TASK TO CARRY OUT: Every entry below should appear in the answer exactly as written, apart from the pictures.

----

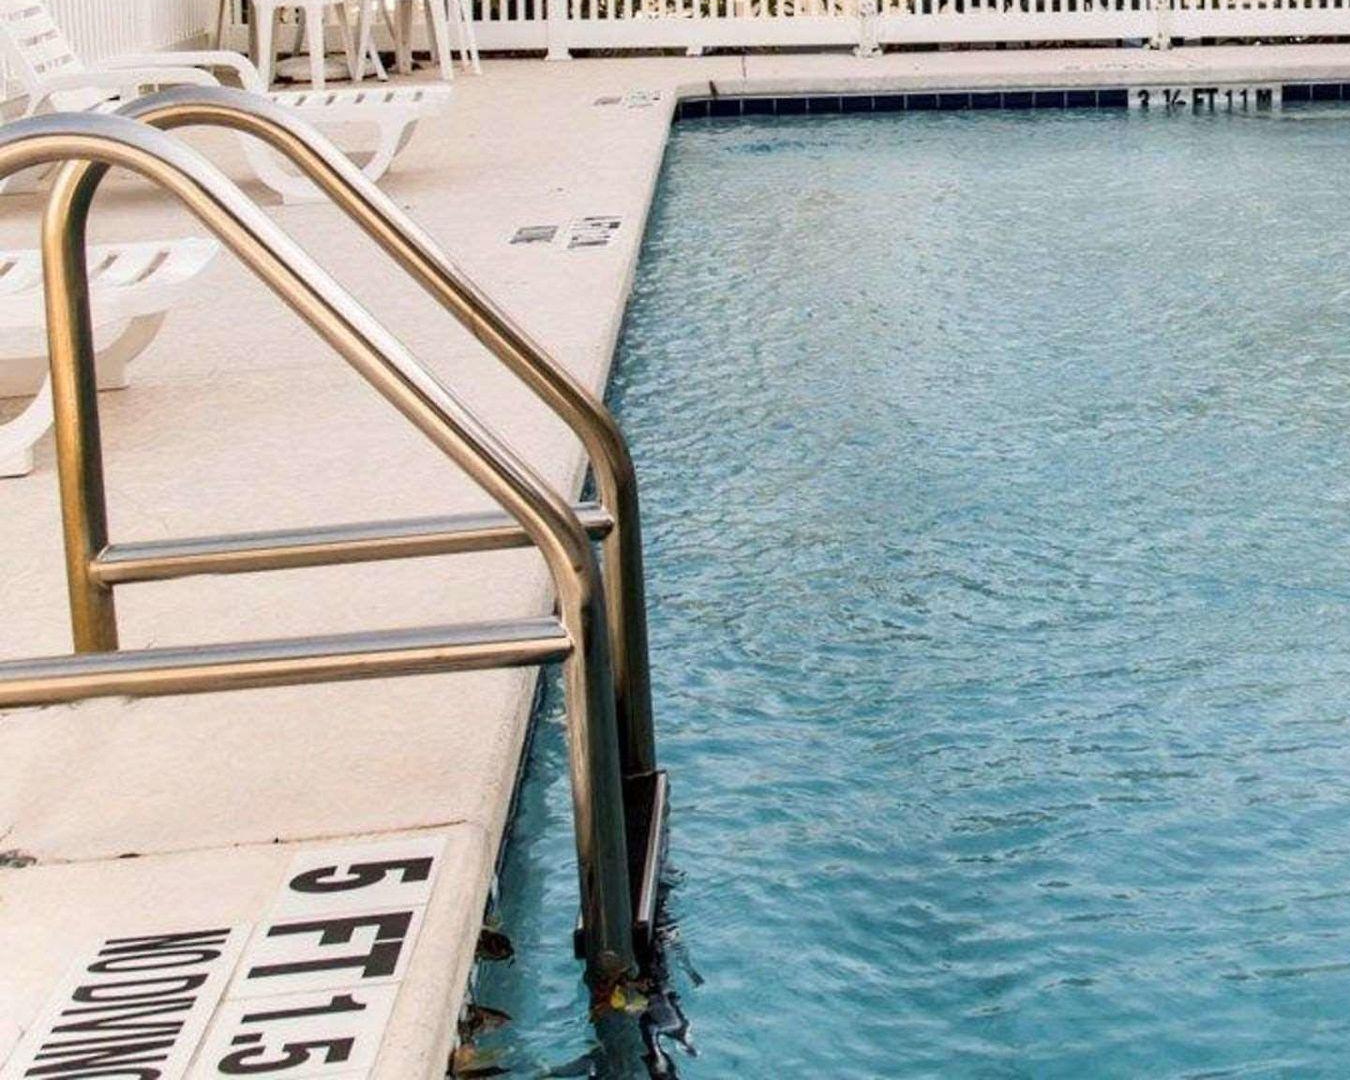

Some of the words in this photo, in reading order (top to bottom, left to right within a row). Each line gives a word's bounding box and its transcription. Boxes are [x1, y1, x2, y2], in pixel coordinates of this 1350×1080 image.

[289, 857, 434, 893] 5
[87, 928, 231, 973] NO
[247, 911, 413, 979] FT
[24, 973, 209, 1080] DIVIN
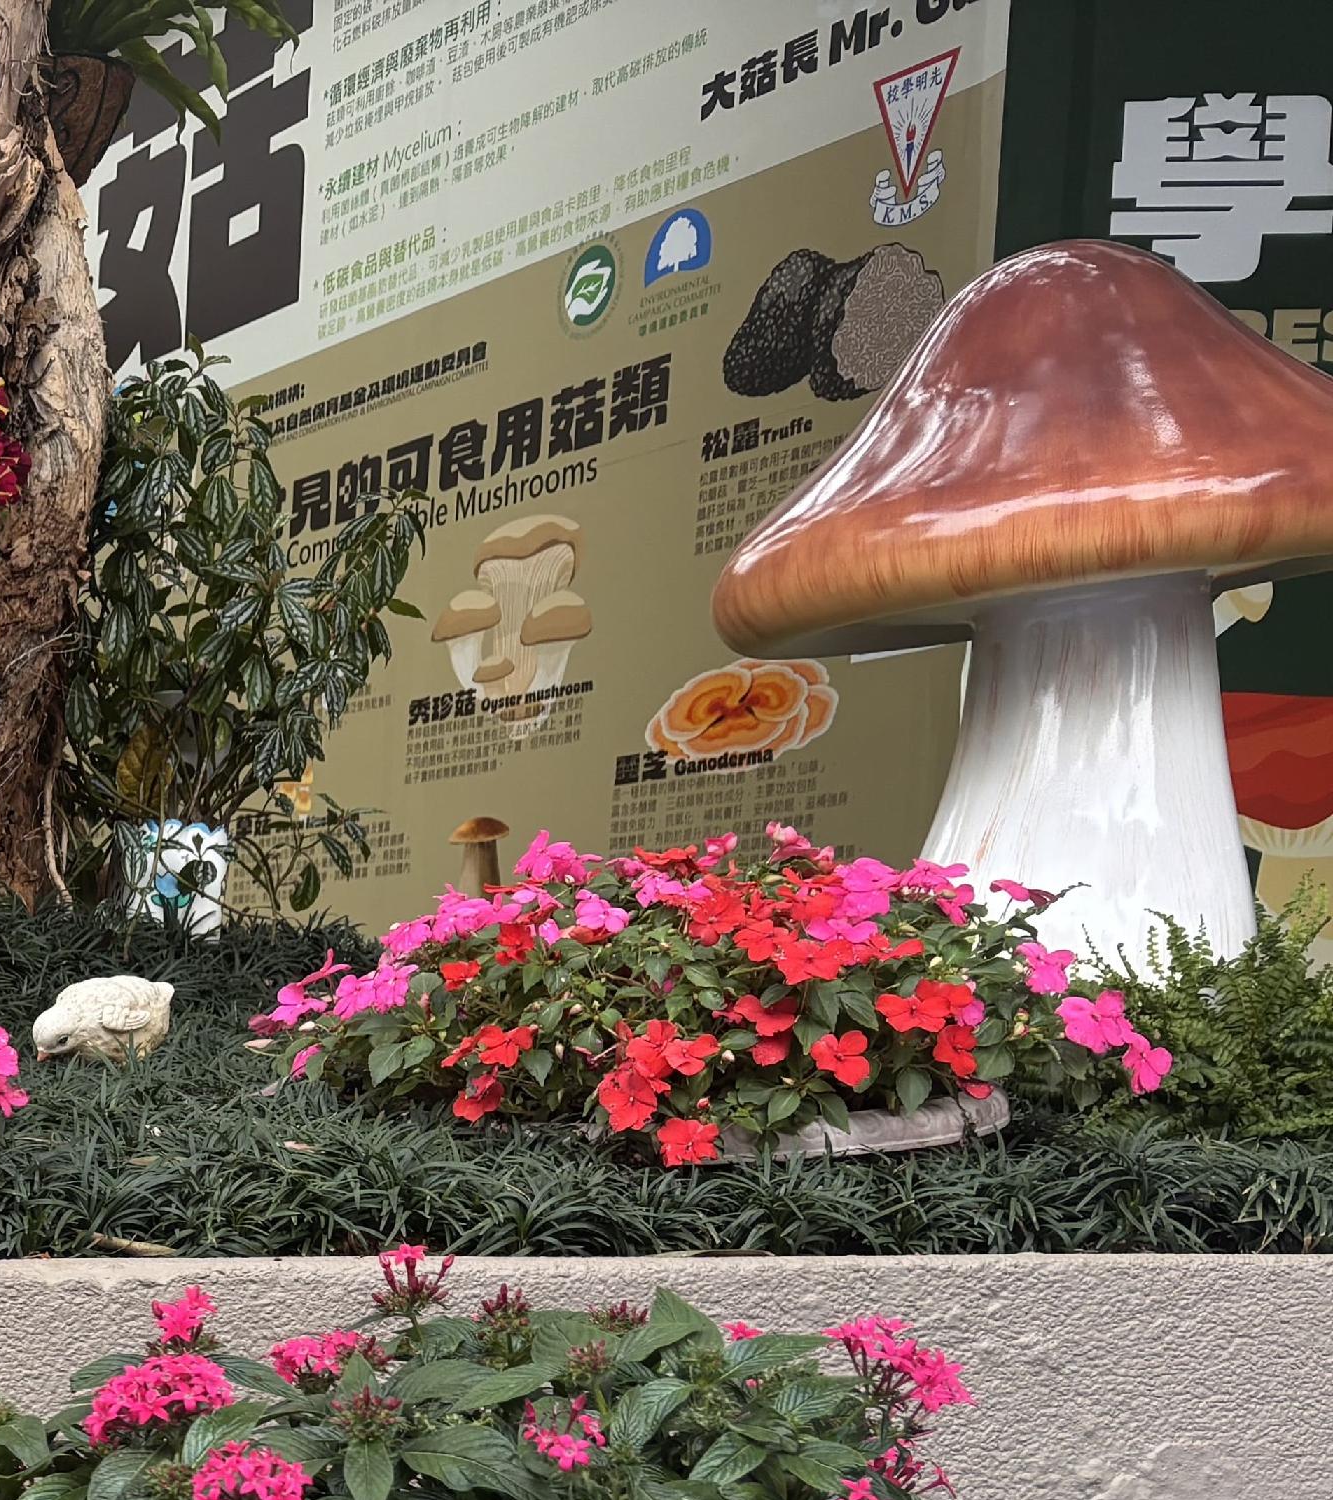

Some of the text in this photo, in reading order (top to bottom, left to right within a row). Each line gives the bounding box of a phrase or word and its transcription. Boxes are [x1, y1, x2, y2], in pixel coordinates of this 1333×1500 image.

[700, 29, 820, 122] 大菇長
[828, 8, 904, 67] Mr.
[1109, 92, 1333, 283] 學
[275, 352, 673, 541] 見的可食用菇類
[286, 538, 337, 571] Com
[455, 456, 598, 523] Mushrooms
[408, 687, 478, 727] 秀珍菇
[480, 694, 523, 714] Oyster
[524, 680, 594, 704] mushroom
[674, 749, 773, 777] Ganoderma
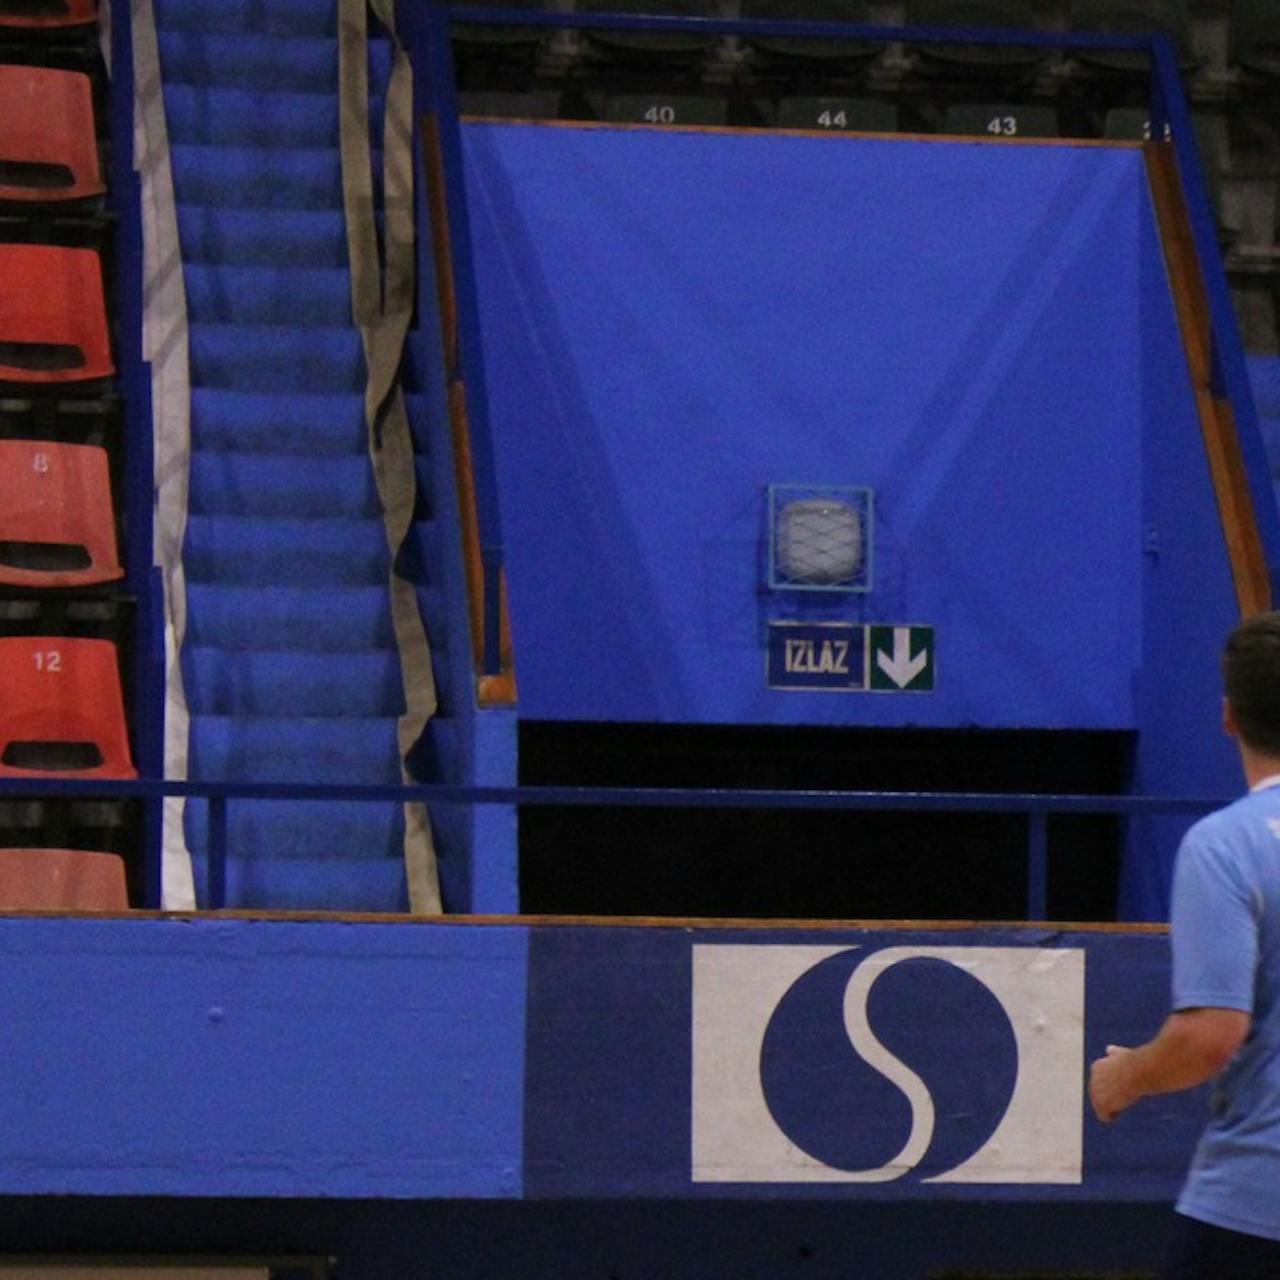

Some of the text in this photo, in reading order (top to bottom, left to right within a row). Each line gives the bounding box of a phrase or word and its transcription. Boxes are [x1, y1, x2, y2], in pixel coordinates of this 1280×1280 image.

----

SOLUTION TO THE EXERCISE:
Some of the words in this photo, in reading order (top to bottom, left to right within a row). Each line gives a word's bounding box and its transcription. Boxes are [x1, y1, x2, y2], in pixel coordinates of this 1350×1080 image.

[289, 857, 434, 893] 5
[87, 928, 231, 973] NO
[247, 911, 413, 979] FT
[24, 973, 209, 1080] DIVIN

Some of the text in this photo, in reading order (top to bottom, left to right within a row). Each line gives the bounding box of a phrase or word and its transcription. Boxes are [x1, y1, x2, y2], in pixel coordinates of this 1333×1500 image.

[700, 29, 820, 122] 大菇長
[828, 8, 904, 67] Mr.
[1109, 92, 1333, 283] 學
[275, 352, 673, 541] 見的可食用菇類
[286, 538, 337, 571] Com
[455, 456, 598, 523] Mushrooms
[408, 687, 478, 727] 秀珍菇
[480, 694, 523, 714] Oyster
[524, 680, 594, 704] mushroom
[674, 749, 773, 777] Ganoderma

Some of the text in this photo, in reading order (top to bottom, left to right within a row). Each line gives the bounding box of a phrase or word and its transcription. Boxes are [x1, y1, x2, y2], in pixel coordinates of this 1280×1280 image.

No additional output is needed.